Background: Intradermal (ID) immunization is a potent vaccination strategy, but its potential is limited by the lack of adjuvants that can effectively enhance immune responses while minimizing local skin reactogenicity.

Objectives: To develop and evaluate a novel composite nano-emulsion adjuvant, designated VP, for enhancing the efficacy of intradermal vaccination against swine influenza virus (SIV).
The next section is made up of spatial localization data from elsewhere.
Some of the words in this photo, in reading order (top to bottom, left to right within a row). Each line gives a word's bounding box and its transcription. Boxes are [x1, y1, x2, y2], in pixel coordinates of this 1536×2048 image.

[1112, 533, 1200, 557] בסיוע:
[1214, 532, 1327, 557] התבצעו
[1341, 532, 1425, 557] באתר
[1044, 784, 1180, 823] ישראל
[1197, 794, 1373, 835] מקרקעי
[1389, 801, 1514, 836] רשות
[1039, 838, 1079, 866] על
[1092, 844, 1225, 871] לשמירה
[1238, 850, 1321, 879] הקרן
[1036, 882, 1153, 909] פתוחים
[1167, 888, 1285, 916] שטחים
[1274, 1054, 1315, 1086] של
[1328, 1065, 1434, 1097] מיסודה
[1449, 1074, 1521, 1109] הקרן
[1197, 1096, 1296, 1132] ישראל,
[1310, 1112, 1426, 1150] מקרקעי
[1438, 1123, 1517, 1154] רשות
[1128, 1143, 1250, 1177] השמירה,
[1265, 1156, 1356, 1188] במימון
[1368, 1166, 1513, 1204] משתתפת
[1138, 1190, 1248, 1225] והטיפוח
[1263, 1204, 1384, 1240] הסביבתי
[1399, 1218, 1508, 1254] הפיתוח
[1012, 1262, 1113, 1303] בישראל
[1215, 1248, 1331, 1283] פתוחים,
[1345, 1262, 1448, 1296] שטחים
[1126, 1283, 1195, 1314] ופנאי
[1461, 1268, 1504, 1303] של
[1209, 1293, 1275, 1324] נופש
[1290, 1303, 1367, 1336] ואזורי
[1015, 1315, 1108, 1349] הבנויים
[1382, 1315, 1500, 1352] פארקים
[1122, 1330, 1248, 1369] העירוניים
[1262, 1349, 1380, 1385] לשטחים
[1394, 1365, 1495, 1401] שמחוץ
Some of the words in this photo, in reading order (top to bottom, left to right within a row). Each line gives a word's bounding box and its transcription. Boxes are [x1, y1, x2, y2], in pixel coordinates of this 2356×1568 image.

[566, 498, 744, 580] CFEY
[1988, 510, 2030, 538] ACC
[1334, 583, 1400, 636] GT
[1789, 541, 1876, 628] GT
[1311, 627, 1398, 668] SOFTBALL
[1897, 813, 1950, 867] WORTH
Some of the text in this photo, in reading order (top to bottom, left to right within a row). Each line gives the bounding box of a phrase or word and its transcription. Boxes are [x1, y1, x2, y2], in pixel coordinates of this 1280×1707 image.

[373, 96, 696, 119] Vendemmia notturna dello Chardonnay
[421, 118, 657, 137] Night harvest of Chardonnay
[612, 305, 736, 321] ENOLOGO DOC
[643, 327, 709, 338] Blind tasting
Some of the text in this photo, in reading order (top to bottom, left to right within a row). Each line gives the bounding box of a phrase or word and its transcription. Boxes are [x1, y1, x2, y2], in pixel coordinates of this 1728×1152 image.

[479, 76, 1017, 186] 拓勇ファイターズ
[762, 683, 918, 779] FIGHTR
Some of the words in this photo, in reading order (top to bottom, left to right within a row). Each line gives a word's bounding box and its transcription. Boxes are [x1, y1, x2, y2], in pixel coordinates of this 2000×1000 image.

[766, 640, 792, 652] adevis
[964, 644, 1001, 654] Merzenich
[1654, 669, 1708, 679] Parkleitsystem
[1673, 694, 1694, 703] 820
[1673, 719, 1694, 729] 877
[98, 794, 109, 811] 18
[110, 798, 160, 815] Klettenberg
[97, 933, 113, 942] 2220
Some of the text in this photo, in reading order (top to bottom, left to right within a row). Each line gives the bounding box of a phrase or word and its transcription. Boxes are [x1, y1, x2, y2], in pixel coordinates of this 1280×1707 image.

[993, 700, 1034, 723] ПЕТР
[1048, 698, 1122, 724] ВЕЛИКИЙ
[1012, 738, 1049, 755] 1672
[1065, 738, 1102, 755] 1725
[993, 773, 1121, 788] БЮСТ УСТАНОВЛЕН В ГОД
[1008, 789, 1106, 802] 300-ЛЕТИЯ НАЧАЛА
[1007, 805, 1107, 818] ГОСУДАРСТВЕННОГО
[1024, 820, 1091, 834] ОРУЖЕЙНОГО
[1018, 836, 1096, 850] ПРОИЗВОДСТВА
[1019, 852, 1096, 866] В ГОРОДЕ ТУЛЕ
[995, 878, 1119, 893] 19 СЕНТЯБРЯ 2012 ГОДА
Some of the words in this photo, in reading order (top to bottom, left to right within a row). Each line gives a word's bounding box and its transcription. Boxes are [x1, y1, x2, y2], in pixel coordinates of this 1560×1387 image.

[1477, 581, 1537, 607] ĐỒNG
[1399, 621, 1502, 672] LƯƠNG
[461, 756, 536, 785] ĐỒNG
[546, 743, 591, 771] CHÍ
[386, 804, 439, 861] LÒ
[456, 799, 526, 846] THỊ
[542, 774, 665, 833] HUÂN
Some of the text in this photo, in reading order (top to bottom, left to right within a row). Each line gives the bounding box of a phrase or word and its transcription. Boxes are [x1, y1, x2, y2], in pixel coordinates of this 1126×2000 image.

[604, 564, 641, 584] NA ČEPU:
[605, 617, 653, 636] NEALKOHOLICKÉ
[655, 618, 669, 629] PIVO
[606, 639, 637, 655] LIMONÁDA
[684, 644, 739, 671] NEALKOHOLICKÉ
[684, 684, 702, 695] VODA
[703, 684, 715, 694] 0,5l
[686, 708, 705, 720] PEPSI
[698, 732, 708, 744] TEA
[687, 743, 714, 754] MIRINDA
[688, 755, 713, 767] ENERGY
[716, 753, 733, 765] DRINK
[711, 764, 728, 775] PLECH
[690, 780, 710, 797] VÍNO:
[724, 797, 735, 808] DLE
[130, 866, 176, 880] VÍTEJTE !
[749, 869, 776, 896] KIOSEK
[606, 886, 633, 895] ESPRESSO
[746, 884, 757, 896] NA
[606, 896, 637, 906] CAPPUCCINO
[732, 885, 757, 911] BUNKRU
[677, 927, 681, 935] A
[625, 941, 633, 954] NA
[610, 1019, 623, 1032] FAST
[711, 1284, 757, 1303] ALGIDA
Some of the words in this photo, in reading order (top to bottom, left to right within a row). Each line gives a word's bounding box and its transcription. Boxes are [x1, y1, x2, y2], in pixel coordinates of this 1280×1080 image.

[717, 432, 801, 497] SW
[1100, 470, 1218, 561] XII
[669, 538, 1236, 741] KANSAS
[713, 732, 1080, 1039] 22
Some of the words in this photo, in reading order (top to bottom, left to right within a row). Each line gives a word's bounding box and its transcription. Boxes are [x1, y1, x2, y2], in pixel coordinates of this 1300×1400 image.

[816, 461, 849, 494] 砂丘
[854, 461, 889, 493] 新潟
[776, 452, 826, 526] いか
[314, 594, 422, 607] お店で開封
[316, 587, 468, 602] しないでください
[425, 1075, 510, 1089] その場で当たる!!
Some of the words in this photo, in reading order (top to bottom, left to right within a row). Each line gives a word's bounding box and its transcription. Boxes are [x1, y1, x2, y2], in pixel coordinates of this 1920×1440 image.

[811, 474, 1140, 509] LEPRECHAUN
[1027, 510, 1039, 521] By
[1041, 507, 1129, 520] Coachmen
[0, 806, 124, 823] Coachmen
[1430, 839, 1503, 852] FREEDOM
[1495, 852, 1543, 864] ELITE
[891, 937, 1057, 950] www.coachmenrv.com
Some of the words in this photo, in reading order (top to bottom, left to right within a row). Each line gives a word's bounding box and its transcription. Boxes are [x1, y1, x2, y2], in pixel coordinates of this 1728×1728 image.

Methods: A novel adjuvant VP, formulated with squalene, sea buckthorn oil, and the TLR3 agonist Poly(I: C), was designed. Its physicochemical properties (particle size, zeta potential, viscosity) were characterized. The immunogenicity and protective efficacy of the VP-adjuvanted inactivated H3N2 vaccine were systematically evaluated in mice, comparing intradermal (ID) and intramuscular (IM) routes. Assessments included humoral immunity (serum and bronchoalveolar lavage fluid (BALF) IgG/HAI titers, duration), cellular immunity (splenic T cell subsets, cytokine profiles), and protection against homologous viral challenge (viral load, lung pathology, weight loss). Local skin reactogenicity and inflammatory responses were also investigated.

Results: The VP adjuvant exhibited a potent immune-stimulatory effect, comparable to commercial adjuvants. The VP/H3N2 formulation formed a stable nano-emulsion with an average particle size of ~ 137 nm, a near-neutral surface charge, and low viscosity (~ 1.3cP), facilitating antigen transport to skin-draining lymph nodes. Immunization induced a robust, Th1-biased immune response characterized by high IgG2a/IgG1 ratios and elevated IFN-γ secretion. Notably, the VP-adjuvanted vaccine elicited the highest proportions of IFN-γ? CD4?, IFN-γ? CD8?and memory-type CD44? CD4? T cells among all experimental groups. ID administration was superior to IM, yielding significantly higher and more durable serum/BALF antibody titers and longer-lasting immunity. VP-adjuvanted vaccination provided protection against challenge, with minimal lung pathology and markedly reduced viral loads. Crucially, ID immunization with VP elicited only a moderate, transient local inflammatory response with rapid absorption and no significant adverse skin reactions. Mechanistic studies revealed that VP functioned by upregulating key chemokines (e.g., CX3CL1, CCL19) at the injection site, significantly enhancing antigen uptake by dendritic cells in vitro, and promoting targeted antigen delivery to draining lymph nodes in vivo.

Conclusions: This study successfully developed a novel composite nano-emulsion adjuvant, VP, which demonstrated high efficacy in intradermal SIV vaccination by potently enhancing both humoral and cellular immunity, providing durable protection, and maintaining an acceptable safety profile. The adjuvant mechanism involves enhanced local immune activation, promotion of Dendritic cells (DCs) phagocytosis, and improved lymphoid trafficking. These findings provide a theoretical and practical foundation for developing next-generation influenza vaccine adjuvants.